Dobleces
Los pendientes de Samuel
Israel Mendoza Pérez
@imendozape
El gobierno de Samuel García convirtió durante buena parte de su administración la obra pública y el Mundial en vitrinas políticas. La promesa era que Nuevo León llegaría al torneo con nuevas líneas de Metro, mejor movilidad y una infraestructura capaz de mostrar al mundo el supuesto nuevo rostro del estado. La realidad lo rebasa: obras inconclusas, afectaciones viales y proyectos a medias que terminaron más como promesas de futuro que como soluciones. El propio contraste entre lo anunciado y lo efectivamente entregado se convirtió en uno de los costos políticos más visibles de la administración.
Las Líneas 4 y 6 del Metro, iniciadas en septiembre de 2023 con inversión inicial estimada en 30 mil millones de pesos, llegaron a la justa mundialista todavía en construcción. Incluso después, una verificación publicada en julio encontró que proyectos promovidos por el gobierno como parte de 30 obras “entregadas” seguían sin operar.

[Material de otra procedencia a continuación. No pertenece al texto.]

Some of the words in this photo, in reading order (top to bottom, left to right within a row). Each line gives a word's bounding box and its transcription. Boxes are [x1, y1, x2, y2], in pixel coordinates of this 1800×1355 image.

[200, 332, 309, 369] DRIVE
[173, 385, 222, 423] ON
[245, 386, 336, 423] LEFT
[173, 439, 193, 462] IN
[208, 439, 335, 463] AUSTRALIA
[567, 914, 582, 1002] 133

A ello se suma una relación cada vez más deteriorada con sectores empresariales. Desde marzo, la Cámara de la Industria de Transformación de Nuevo León (Caintra), encabezada por Jorge Santos Reyna; Coparmex Nuevo León, presidida por Roberto Cantú Alanís; y Canaco Monterrey, que dirige Jaime Herrera Casso, ponen sobre la mesa denuncias sobre inspecciones, clausuras, cobros presuntamente indebidos y posibles abusos de autoridad. Caintra se sumó a los reclamos empresariales sobre prácticas de extorsión atribuidas a autoridades, mientras que en mayo el propio gobierno terminó por anunciar un esquema para frenar clausuras y amenazas de cierre a negocios. Que la administración haya tenido que responder políticamente a esos señalamientos demuestra que el problema dejó hace tiempo de ser una inconformidad aislada.

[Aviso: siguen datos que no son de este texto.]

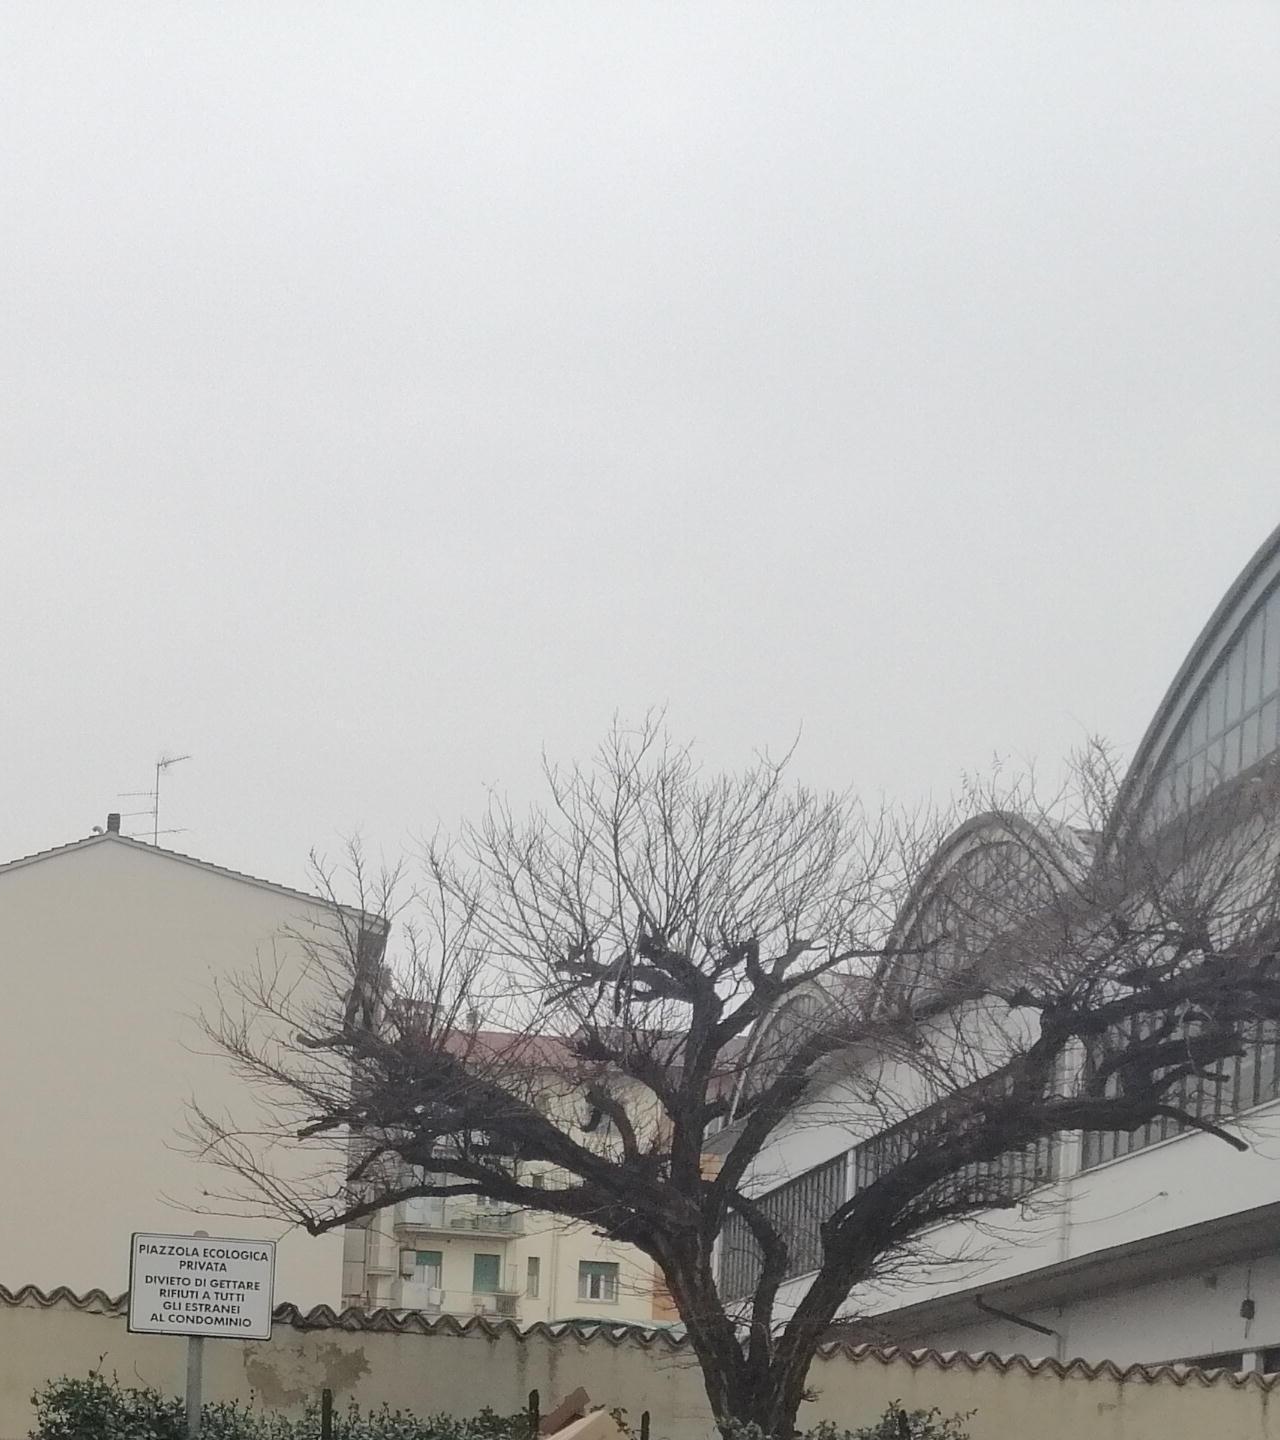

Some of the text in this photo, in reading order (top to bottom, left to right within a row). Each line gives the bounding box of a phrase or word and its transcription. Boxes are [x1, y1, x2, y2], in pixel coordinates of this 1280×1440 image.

[138, 1244, 269, 1262] PIAZZOLA ECOLOGICA
[179, 1260, 227, 1273] PRIVATA
[145, 1275, 261, 1291] DIVIETO DI GETTARE
[159, 1288, 245, 1302] RIFIUTI A TUTTI
[163, 1301, 240, 1314] GLI ESTRANEI
[150, 1313, 252, 1328] AL CONDOMINIO

El caso más conocido es el de Materiales Triturados Martínez, Matrimar. La empresa acusó en febrero al gobierno estatal de presunta extorsión después de una clausura realizada en Cerralvo y posteriormente presentó una denuncia penal. Matrimar sostuvo que existieron solicitudes de pagos millonarios al margen de la ley; el gobierno de Samuel García rechazó la acusación y aseguró que las actuaciones respondían a obligaciones fiscales y ambientales. Precisamente por eso el caso resulta relevante: no porque exista ya una sentencia que determine responsabilidades, sino porque se convirtió en el ejemplo más visible de la desconfianza que hoy existe entre una parte del sector productivo y la administración estatal.

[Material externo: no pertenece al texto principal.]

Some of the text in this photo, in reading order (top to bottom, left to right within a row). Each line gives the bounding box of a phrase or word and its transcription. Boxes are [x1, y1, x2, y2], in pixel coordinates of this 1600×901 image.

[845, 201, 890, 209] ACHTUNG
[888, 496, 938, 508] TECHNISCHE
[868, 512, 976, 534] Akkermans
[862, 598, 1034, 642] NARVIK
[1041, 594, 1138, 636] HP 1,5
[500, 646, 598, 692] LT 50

En ese contexto vuelven a aparecer nombres como el del secretario general de gobierno, Miguel Ángel “Mike” Flores Serna, mencionado en el caso Matrimar luego que su nombre figurara entre las referencias contenidas en el audio que detonó las denuncias por presunta extorsión. También se menciona a Félix Guadalupe Arratia Cruz, quien desde el 14 de abril ocupa la Secretaría de Igualdad e Inclusión. Arratia no es un desconocido dentro del aparato recaudatorio del estado: entre 2021 y noviembre de 2022 fue subsecretario de Administración Tributaria y, al dejar el cargo, reconoció públicamente la existencia de ocho carpetas de investigación en su contra ante la Fiscalía estatal y la Fiscalía Anticorrupción. Una de ellas estaba relacionada con señalamientos por presunto abuso de autoridad, chantaje y amenazas.
No es raro que en distintos sectores productivos su nombre vuelve a mencionarse informalmente como un operador político de la administración, circunstancia que obliga todavía más a separar los trascendidos de los hechos acreditados. Por eso el problema de Samuel ya no puede reducirse a una obra retrasada, una empresa inconforme o un juicio político detenido por los tribunales. Lo que se acumula es una percepción de gobierno: anuncios que llegan antes que los resultados, conflictos recurrentes con empresarios, acusaciones que terminan judicializadas y un gobernador que encuentra tiempo para combatir cada expediente, pero no siempre para cerrar los pendientes que él mismo convirtió en promesas.